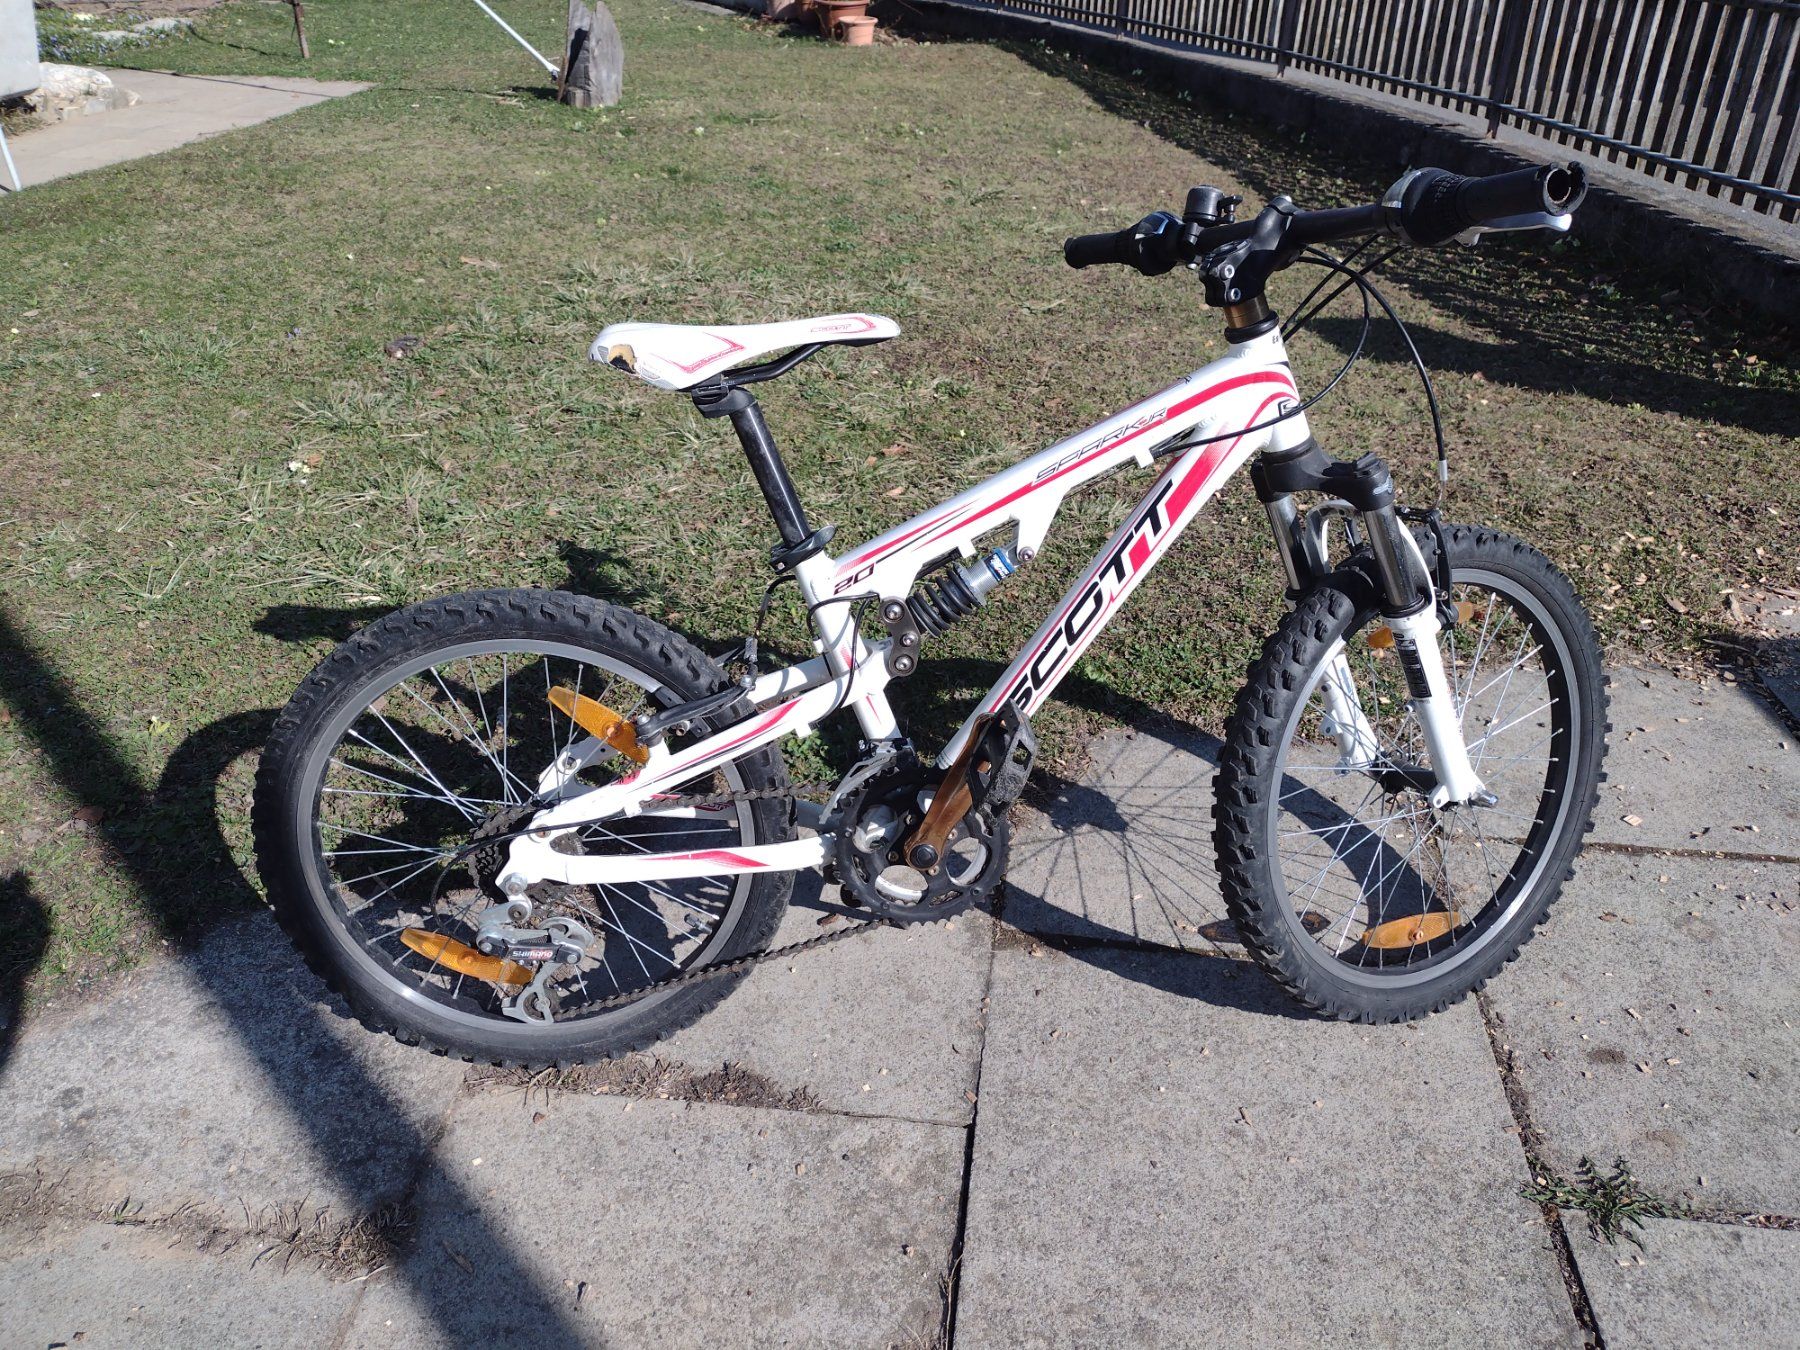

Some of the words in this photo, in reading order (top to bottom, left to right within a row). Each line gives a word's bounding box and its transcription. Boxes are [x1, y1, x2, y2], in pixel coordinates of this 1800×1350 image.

[1036, 416, 1144, 482] SPARK
[833, 562, 875, 596] 20
[1008, 478, 1173, 712] SCOTT
[512, 949, 554, 958] SHIMANO
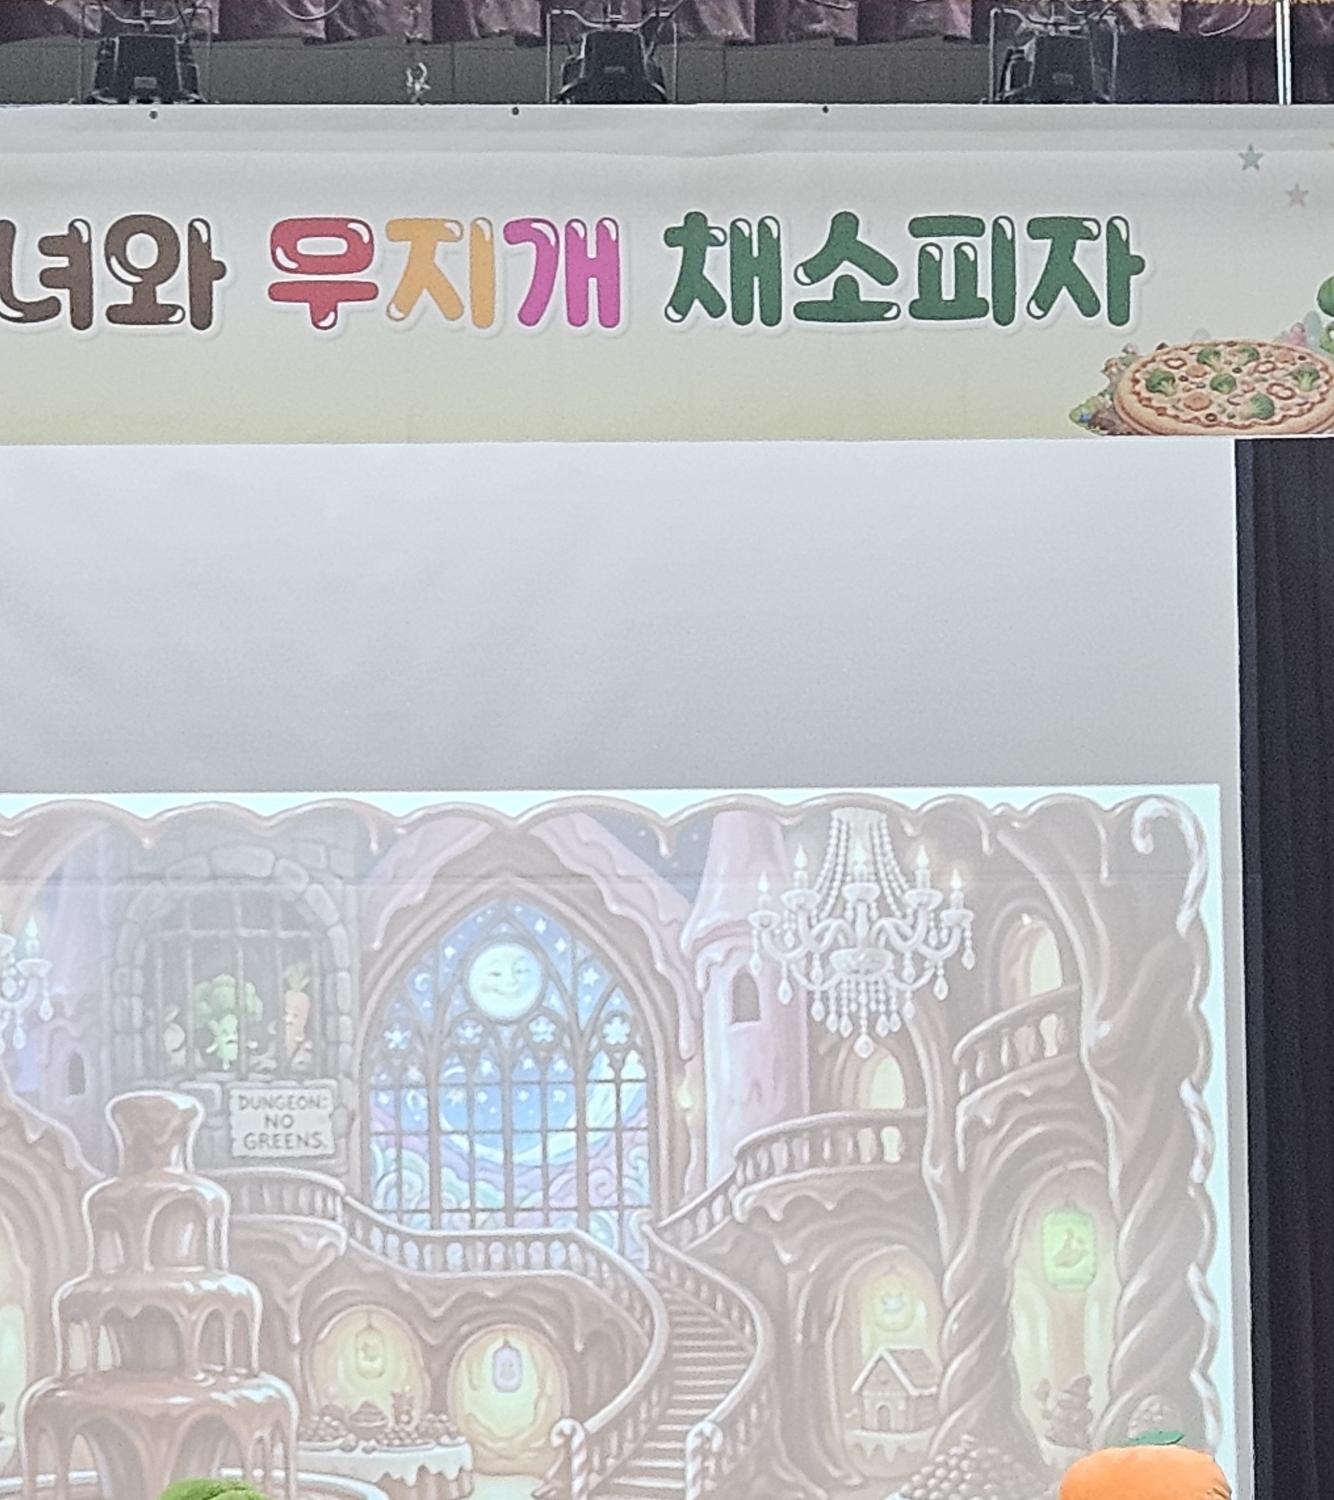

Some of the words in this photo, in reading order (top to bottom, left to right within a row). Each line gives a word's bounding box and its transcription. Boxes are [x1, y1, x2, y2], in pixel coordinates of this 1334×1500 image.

[267, 215, 622, 331] 무지개
[663, 210, 1146, 328] 채소피자
[265, 1114, 295, 1129] NO

★ ★ ★ ★

* [What you need to do] Any picture found in the data is to be skipped while the rest is copied exactly.

* [Expected output]
Some of the words in this photo, in reading order (top to bottom, left to right within a row). Each line gives a word's bounding box and its transcription. Boxes are [x1, y1, x2, y2], in pixel coordinates of this 1800×1350 image.

[1036, 416, 1144, 482] SPARK
[833, 562, 875, 596] 20
[1008, 478, 1173, 712] SCOTT
[512, 949, 554, 958] SHIMANO

Some of the words in this photo, in reading order (top to bottom, left to right within a row). Each line gives a word's bounding box and its transcription. Boxes are [x1, y1, x2, y2], in pixel coordinates of this 1334×1500 image.

[267, 215, 622, 331] 무지개
[663, 210, 1146, 328] 채소피자
[265, 1114, 295, 1129] NO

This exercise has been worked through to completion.